Records for the exercise.
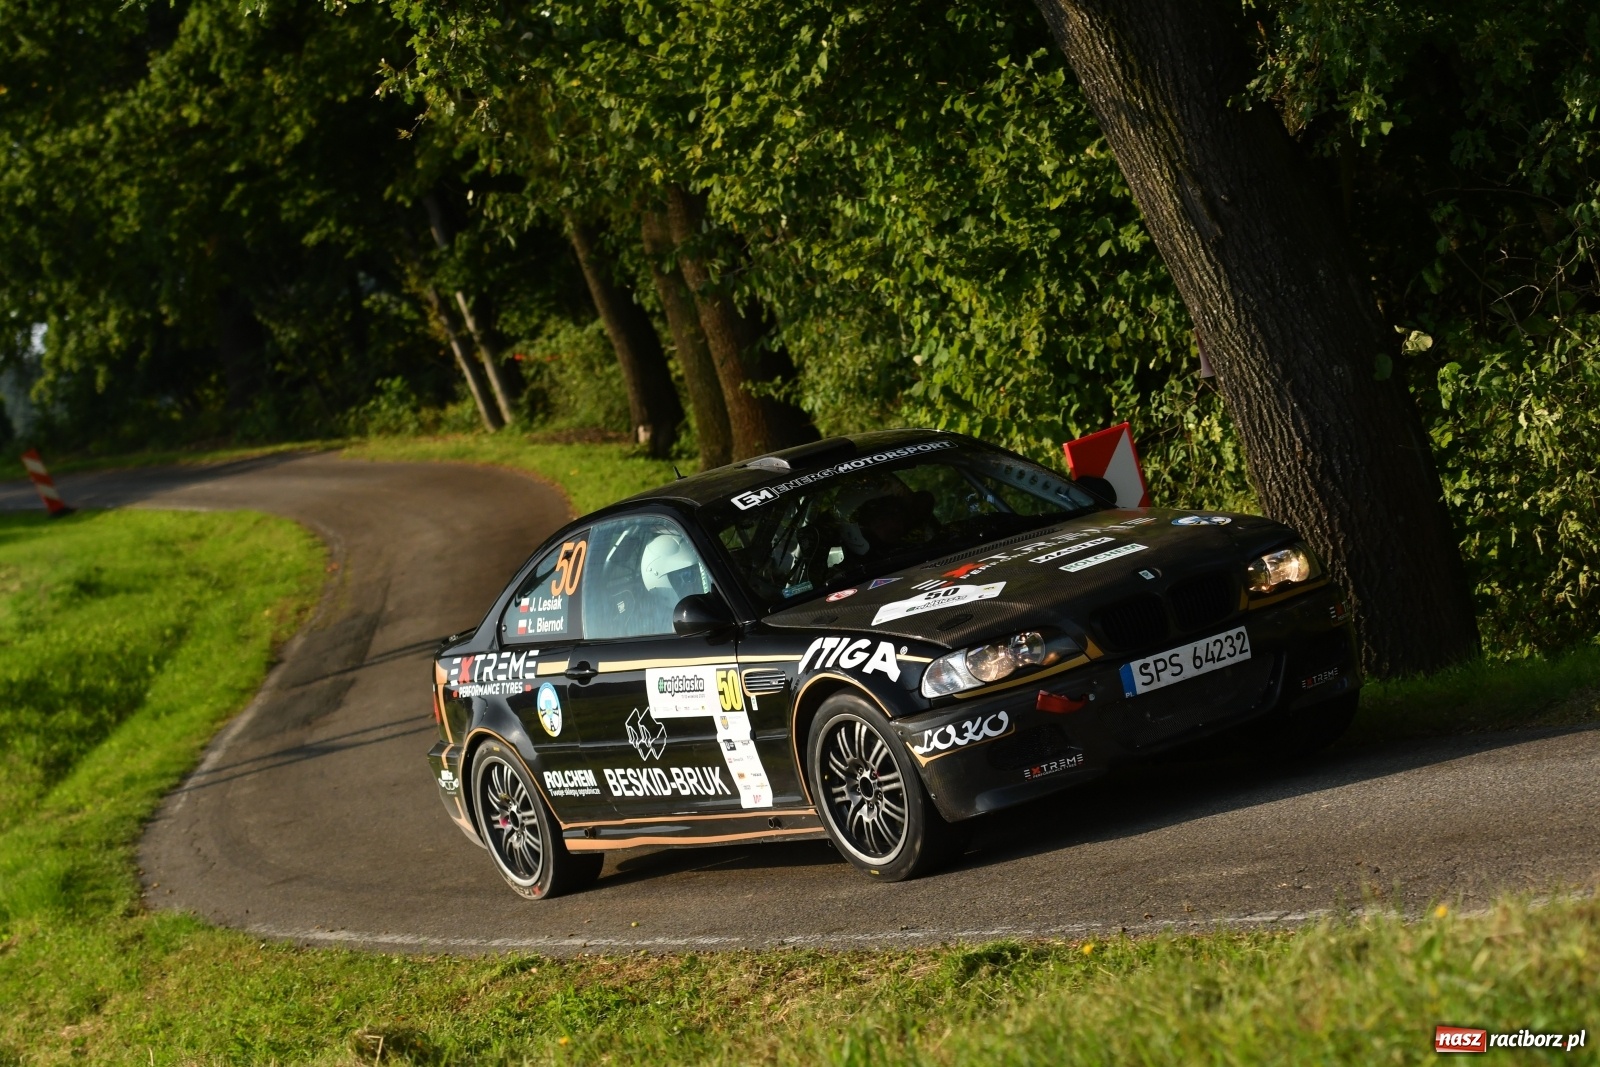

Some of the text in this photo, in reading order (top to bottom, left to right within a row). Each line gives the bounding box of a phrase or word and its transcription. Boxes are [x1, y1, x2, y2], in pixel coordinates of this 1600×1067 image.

[838, 441, 951, 473] MOTORSPORT
[551, 541, 587, 596] 50
[530, 595, 562, 612] J. Lesiak
[924, 587, 961, 600] 50
[537, 616, 564, 632] Biernot
[450, 650, 539, 686] EXTREME
[1139, 631, 1248, 686] SPS 64232
[459, 682, 523, 698] PERFORMANCE TYRES
[658, 675, 704, 697] #rajdslaska
[716, 669, 743, 711] 50
[1023, 753, 1084, 778] EXTREME
[543, 769, 597, 789] ROLCHEM
[603, 766, 731, 796] BESKID-BRUK
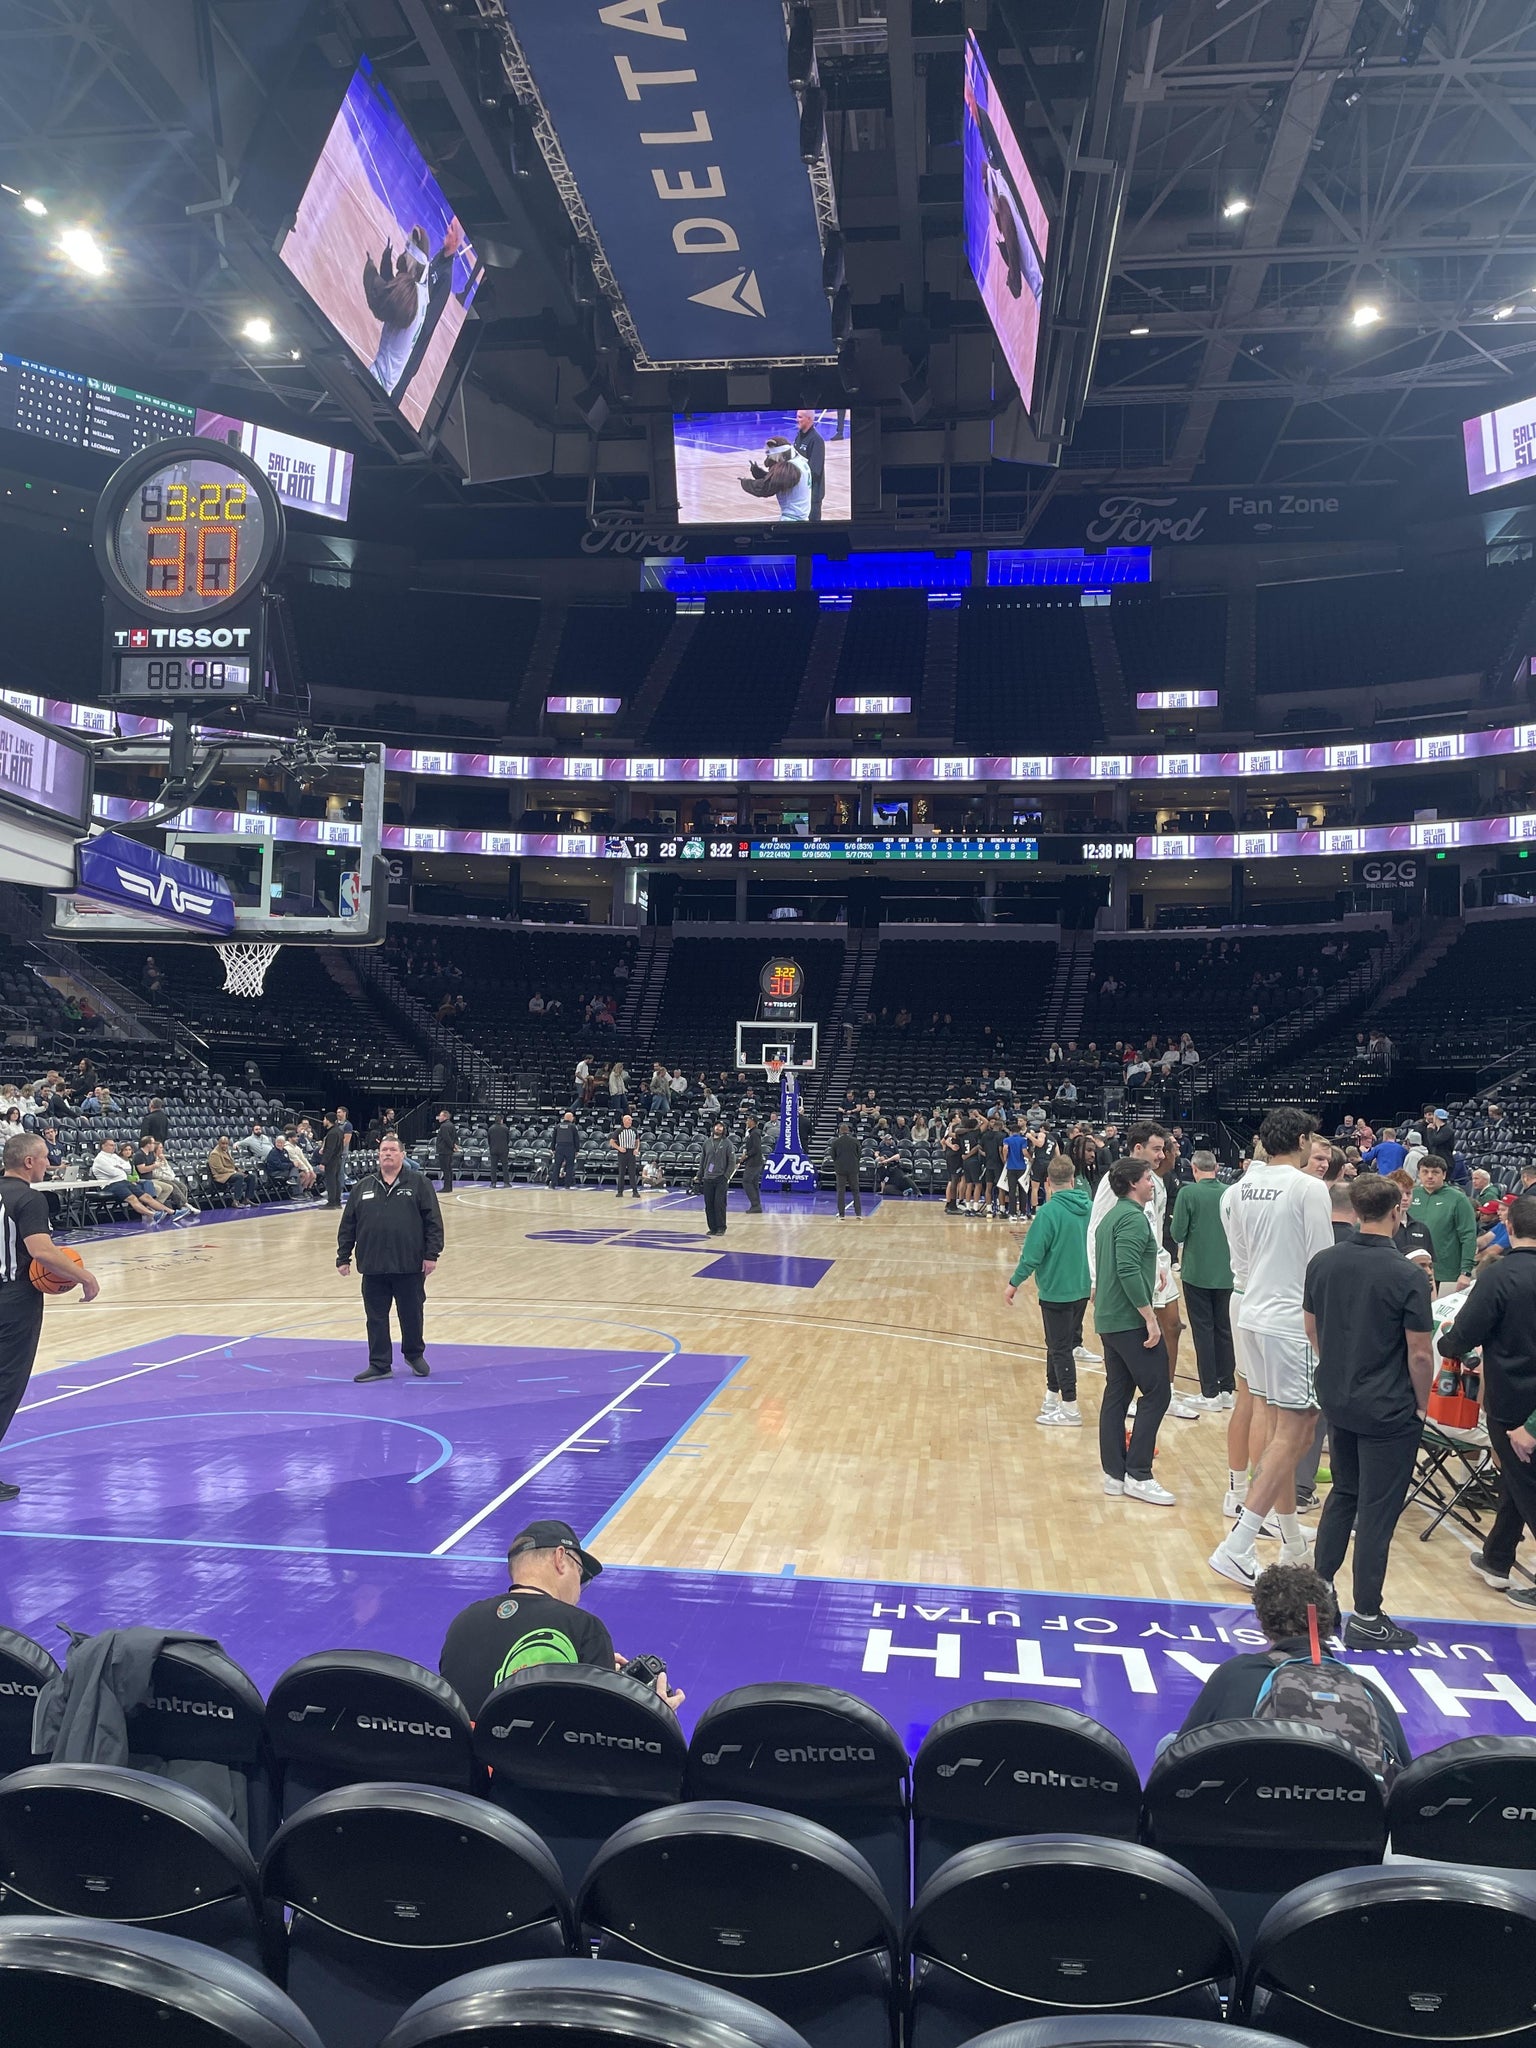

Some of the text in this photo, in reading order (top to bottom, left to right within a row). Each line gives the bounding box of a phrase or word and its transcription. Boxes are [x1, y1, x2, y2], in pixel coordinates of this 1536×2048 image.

[598, 0, 740, 254] DELTA
[103, 383, 116, 393] UVU
[268, 452, 316, 475] SALT LAKE
[268, 472, 315, 500] SLAM
[166, 484, 246, 521] 3:22
[1229, 496, 1338, 514] Fan Zone
[1086, 496, 1208, 542] Ford
[146, 526, 238, 596] 30
[152, 628, 250, 648] TISSOT
[1169, 698, 1187, 707] SLAM
[576, 704, 593, 712] SLAM
[865, 704, 882, 712] SLAM
[84, 718, 104, 730] SLAM
[0, 730, 34, 756] ALT LAKE
[1429, 747, 1450, 758] SLAM
[422, 762, 440, 770] SLAM
[1337, 756, 1357, 766] SLAM
[500, 766, 517, 775] SLAM
[1101, 767, 1120, 775] SLAM
[1169, 765, 1188, 774] SLAM
[1251, 762, 1270, 771] SLAM
[574, 768, 591, 776] SLAM
[710, 769, 726, 777] SLAM
[784, 769, 802, 777] SLAM
[862, 769, 880, 777] SLAM
[945, 768, 962, 776] SLAM
[1023, 768, 1040, 776] SLAM
[245, 825, 264, 834] SLAM
[330, 833, 349, 842] SLAM
[1424, 834, 1445, 843] SLAM
[415, 839, 433, 848] SLAM
[492, 843, 510, 852] SLAM
[1332, 840, 1352, 850] SLAM
[568, 845, 585, 853] SLAM
[634, 843, 648, 856] 13
[660, 843, 676, 857] 28
[710, 843, 733, 857] 3:22
[1083, 844, 1133, 859] 12:38 PM
[1246, 845, 1265, 854] SLAM
[1362, 860, 1416, 882] G2G
[342, 907, 352, 916] NBA
[775, 968, 795, 977] 3:22
[770, 977, 793, 995] 30
[965, 1143, 970, 1154] 3
[1046, 1144, 1053, 1154] 2
[1241, 1189, 1283, 1200] VALLEY
[1440, 1379, 1453, 1393] G
[872, 1602, 1494, 1662] UNESITY OF UTAH
[862, 1628, 1536, 1722] HLTH
[356, 1712, 452, 1740] entrata
[563, 1728, 662, 1754] entrata
[774, 1745, 876, 1762] entrata
[1012, 1767, 1118, 1793] entrata
[1256, 1785, 1366, 1802] entrata
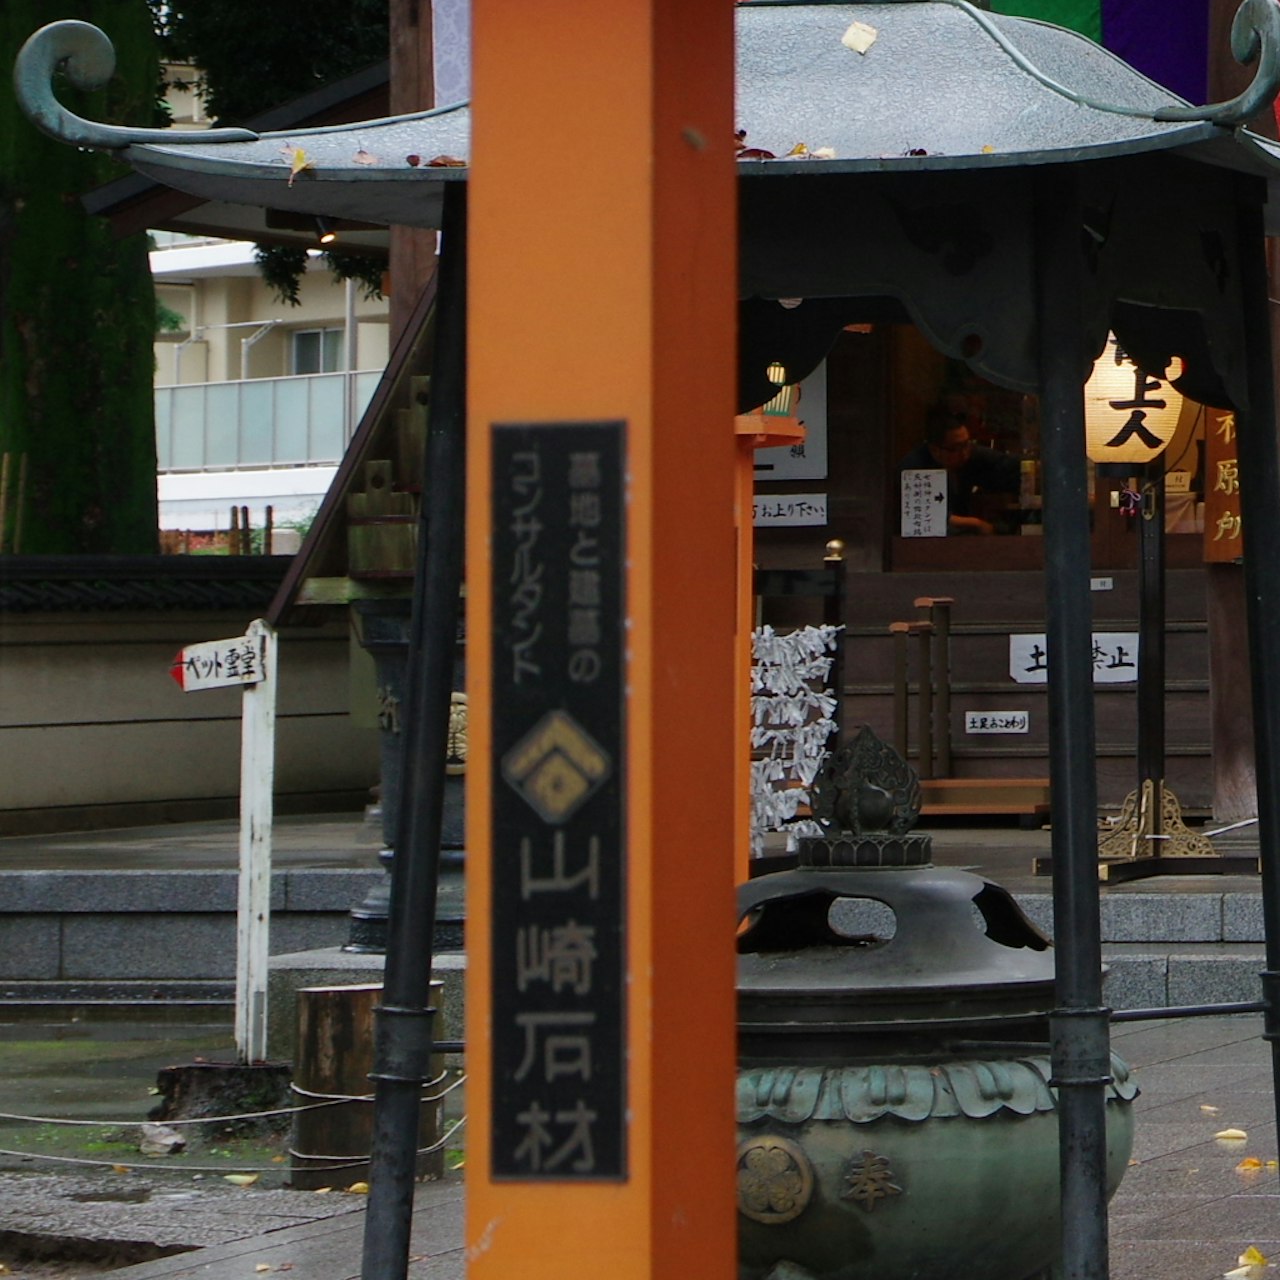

Task directions.
Each line of the data must be restated exactly, and the pictures must be left out.

Finished task.
Some of the text in this photo, in reading order (top to bottom, left to right within a row). Each line gives the bounding box of a phrase or word and its transcription. Boxes are [x1, y1, x2, y2], in pixel coordinates of this 1600×1067 image.

[838, 441, 951, 473] MOTORSPORT
[551, 541, 587, 596] 50
[530, 595, 562, 612] J. Lesiak
[924, 587, 961, 600] 50
[537, 616, 564, 632] Biernot
[450, 650, 539, 686] EXTREME
[1139, 631, 1248, 686] SPS 64232
[459, 682, 523, 698] PERFORMANCE TYRES
[658, 675, 704, 697] #rajdslaska
[716, 669, 743, 711] 50
[1023, 753, 1084, 778] EXTREME
[543, 769, 597, 789] ROLCHEM
[603, 766, 731, 796] BESKID-BRUK

Some of the text in this photo, in reading order (top to bottom, left to right within a row). Each line gives the bounding box of a phrase or word and its transcription. Boxes are [x1, y1, x2, y2], in pixel coordinates of this 1536×2048 image.

[598, 0, 740, 254] DELTA
[103, 383, 116, 393] UVU
[268, 452, 316, 475] SALT LAKE
[268, 472, 315, 500] SLAM
[166, 484, 246, 521] 3:22
[1229, 496, 1338, 514] Fan Zone
[1086, 496, 1208, 542] Ford
[146, 526, 238, 596] 30
[152, 628, 250, 648] TISSOT
[1169, 698, 1187, 707] SLAM
[576, 704, 593, 712] SLAM
[865, 704, 882, 712] SLAM
[84, 718, 104, 730] SLAM
[0, 730, 34, 756] ALT LAKE
[1429, 747, 1450, 758] SLAM
[422, 762, 440, 770] SLAM
[1337, 756, 1357, 766] SLAM
[500, 766, 517, 775] SLAM
[1101, 767, 1120, 775] SLAM
[1169, 765, 1188, 774] SLAM
[1251, 762, 1270, 771] SLAM
[574, 768, 591, 776] SLAM
[710, 769, 726, 777] SLAM
[784, 769, 802, 777] SLAM
[862, 769, 880, 777] SLAM
[945, 768, 962, 776] SLAM
[1023, 768, 1040, 776] SLAM
[245, 825, 264, 834] SLAM
[330, 833, 349, 842] SLAM
[1424, 834, 1445, 843] SLAM
[415, 839, 433, 848] SLAM
[492, 843, 510, 852] SLAM
[1332, 840, 1352, 850] SLAM
[568, 845, 585, 853] SLAM
[634, 843, 648, 856] 13
[660, 843, 676, 857] 28
[710, 843, 733, 857] 3:22
[1083, 844, 1133, 859] 12:38 PM
[1246, 845, 1265, 854] SLAM
[1362, 860, 1416, 882] G2G
[342, 907, 352, 916] NBA
[775, 968, 795, 977] 3:22
[770, 977, 793, 995] 30
[965, 1143, 970, 1154] 3
[1046, 1144, 1053, 1154] 2
[1241, 1189, 1283, 1200] VALLEY
[1440, 1379, 1453, 1393] G
[872, 1602, 1494, 1662] UNESITY OF UTAH
[862, 1628, 1536, 1722] HLTH
[356, 1712, 452, 1740] entrata
[563, 1728, 662, 1754] entrata
[774, 1745, 876, 1762] entrata
[1012, 1767, 1118, 1793] entrata
[1256, 1785, 1366, 1802] entrata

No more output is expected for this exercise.